**PROMPT**
Leaving the pictures out, transcribe the records below exactly.

Segment Start: RECORDS TO PROCESS

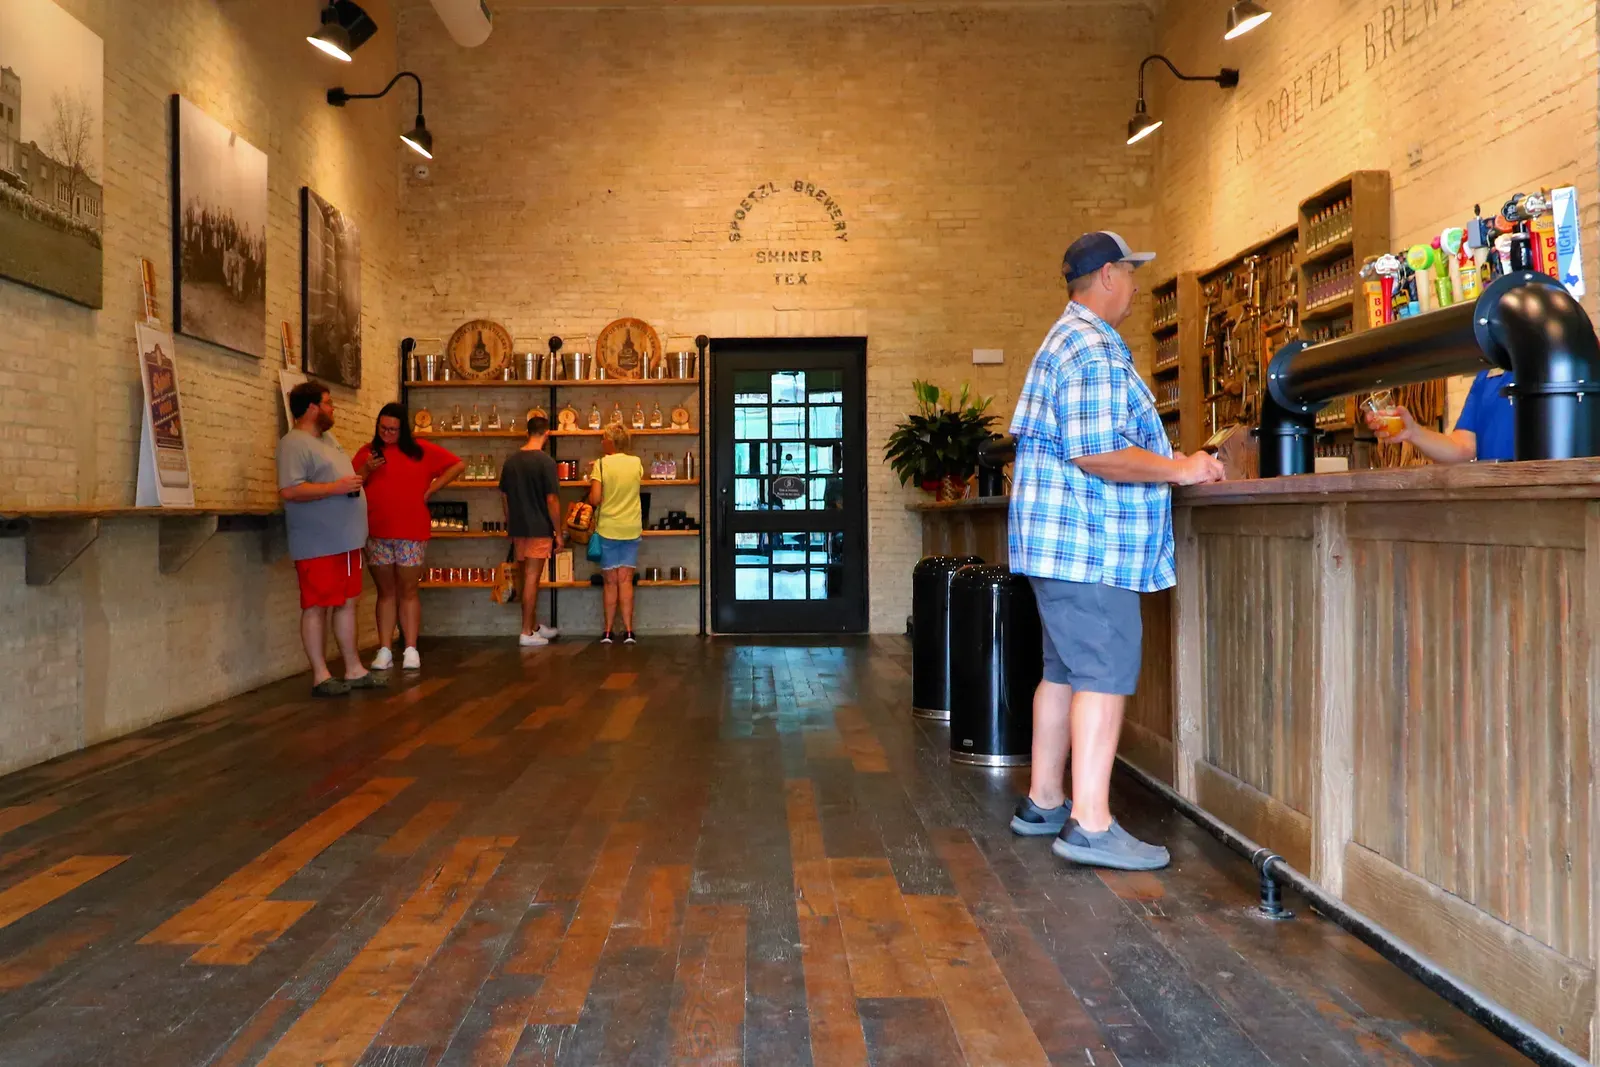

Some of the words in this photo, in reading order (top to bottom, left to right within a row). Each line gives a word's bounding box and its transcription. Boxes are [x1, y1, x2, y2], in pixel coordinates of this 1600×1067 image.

[1254, 45, 1350, 151] SPOETZL
[729, 182, 780, 243] SPOETZL
[793, 180, 848, 242] BREWERY
[756, 250, 822, 264] SHINER
[1545, 236, 1558, 278] BOC
[1557, 225, 1573, 256] LIGHT
[774, 273, 808, 286] TEX

Segment End: RECORDS TO PROCESS

**ANSWER SECTION**
Some of the words in this photo, in reading order (top to bottom, left to right within a row). Each line gives a word's bounding box and its transcription. Boxes are [x1, y1, x2, y2], in pixel coordinates of this 1600×1067 image.

[1254, 45, 1350, 151] SPOETZL
[729, 182, 780, 243] SPOETZL
[793, 180, 848, 242] BREWERY
[756, 250, 822, 264] SHINER
[1545, 236, 1558, 278] BOC
[1557, 225, 1573, 256] LIGHT
[774, 273, 808, 286] TEX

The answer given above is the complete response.